==== Provided records ====

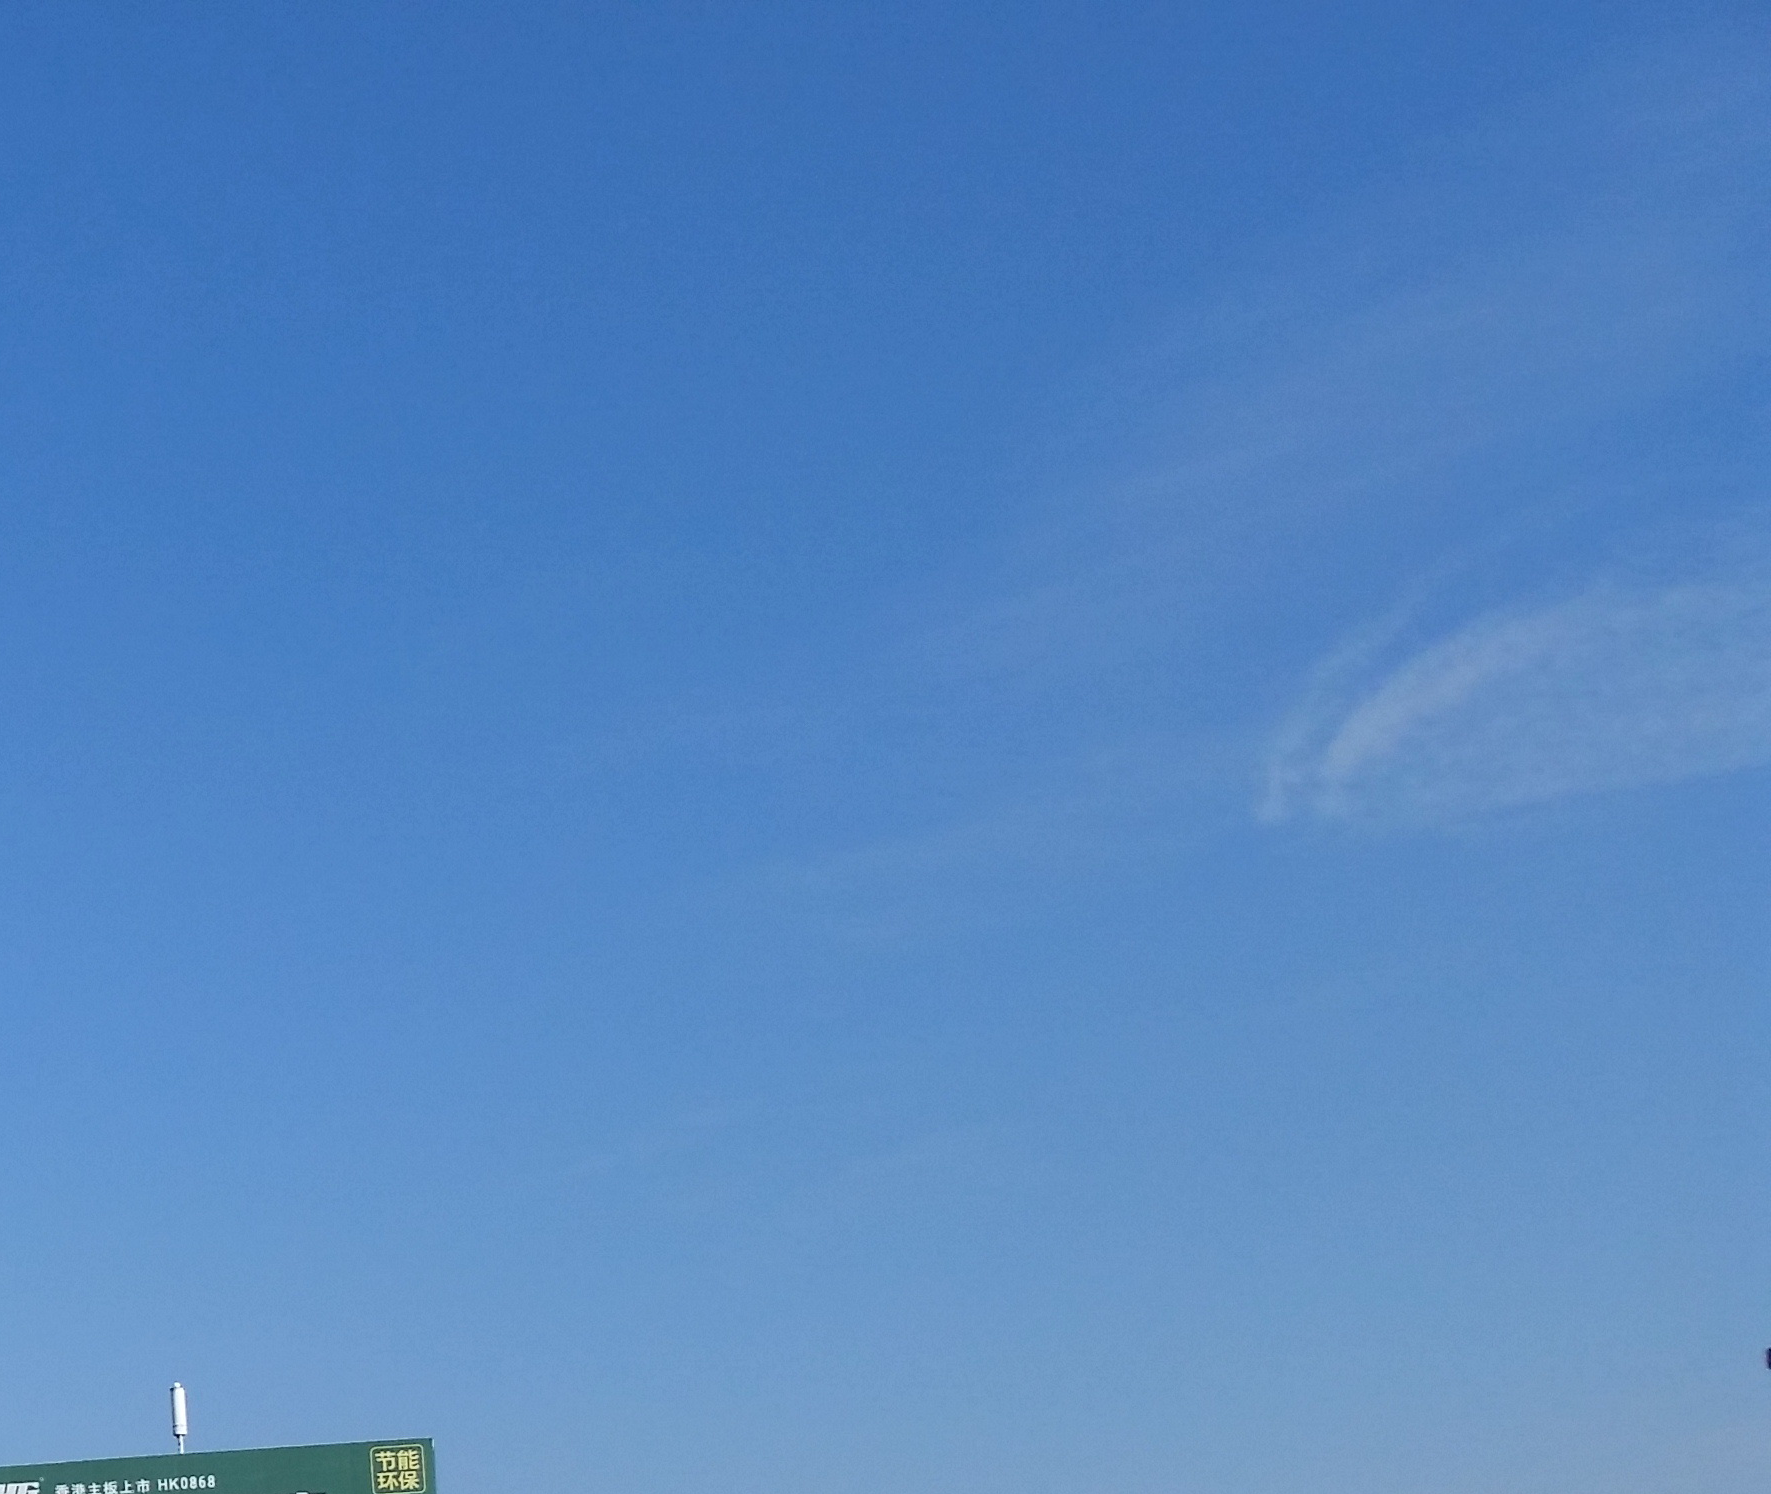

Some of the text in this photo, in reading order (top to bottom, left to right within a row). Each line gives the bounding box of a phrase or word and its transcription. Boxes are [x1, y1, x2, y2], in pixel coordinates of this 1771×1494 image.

[375, 1450, 420, 1472] 节能
[157, 1475, 216, 1491] HK0868
[376, 1471, 420, 1491] 环保
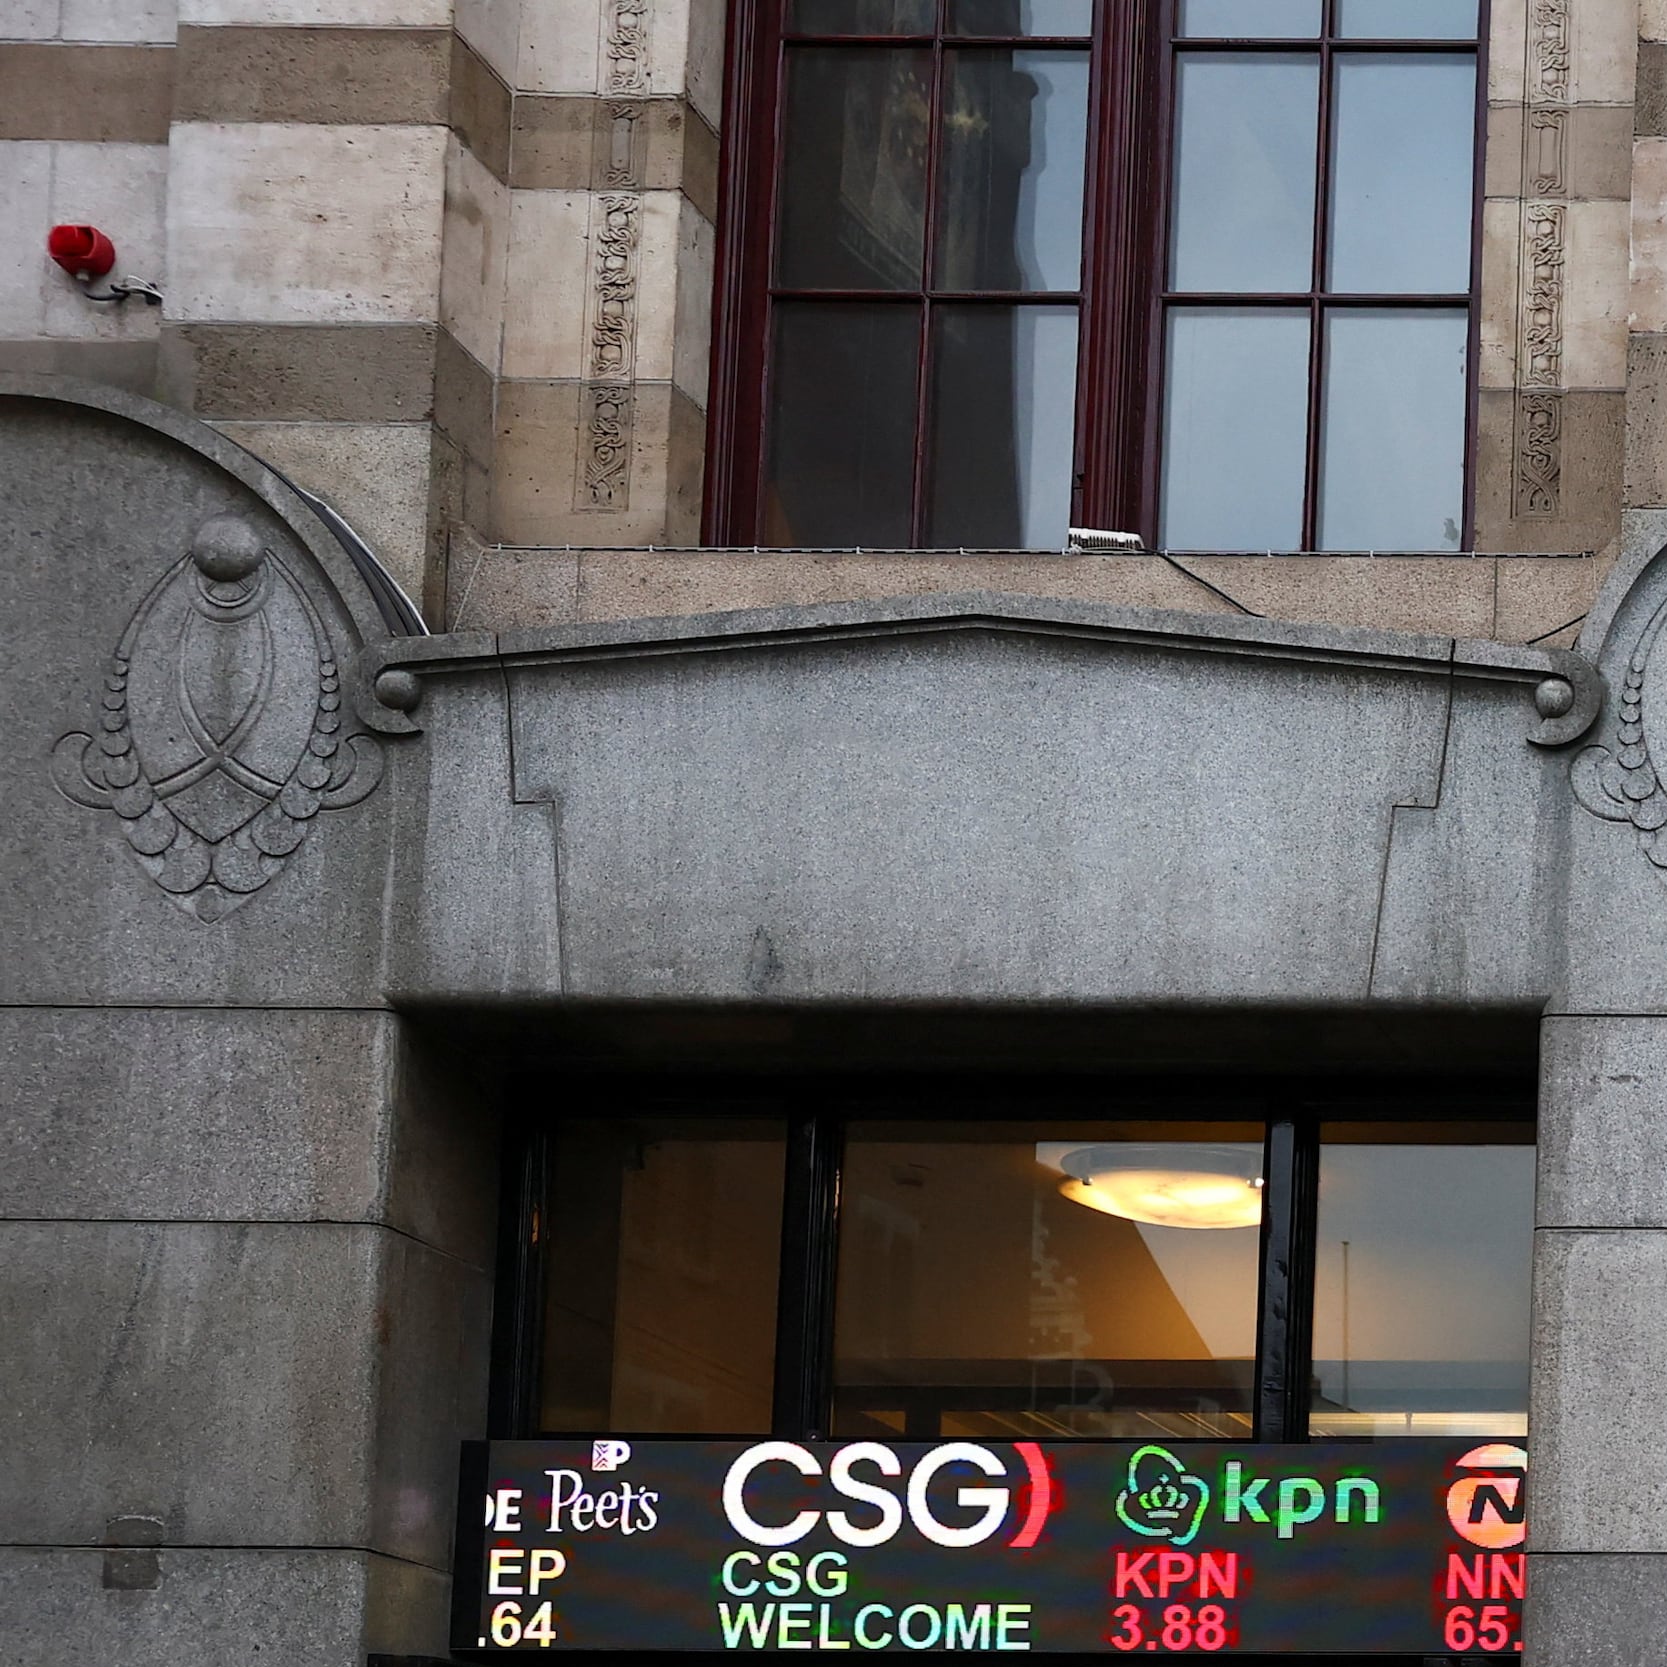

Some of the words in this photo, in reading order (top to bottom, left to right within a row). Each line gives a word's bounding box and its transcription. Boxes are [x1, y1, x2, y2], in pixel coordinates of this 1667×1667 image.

====

# What the task requires:
Please output every record above exactly as written, leaving out the pictures.

# Result of this exercise:
Some of the text in this photo, in reading order (top to bottom, left to right within a row). Each line gives the bounding box of a phrase or word and its transcription. Boxes are [x1, y1, x2, y2], in pixel coordinates of this 1771×1494 image.

[375, 1450, 420, 1472] 节能
[157, 1475, 216, 1491] HK0868
[376, 1471, 420, 1491] 环保

Some of the words in this photo, in reading order (top to bottom, left to right within a row). Each line gives a word's bounding box and its transcription. Boxes are [x1, y1, x2, y2], in pixel coordinates of this 1667×1667 image.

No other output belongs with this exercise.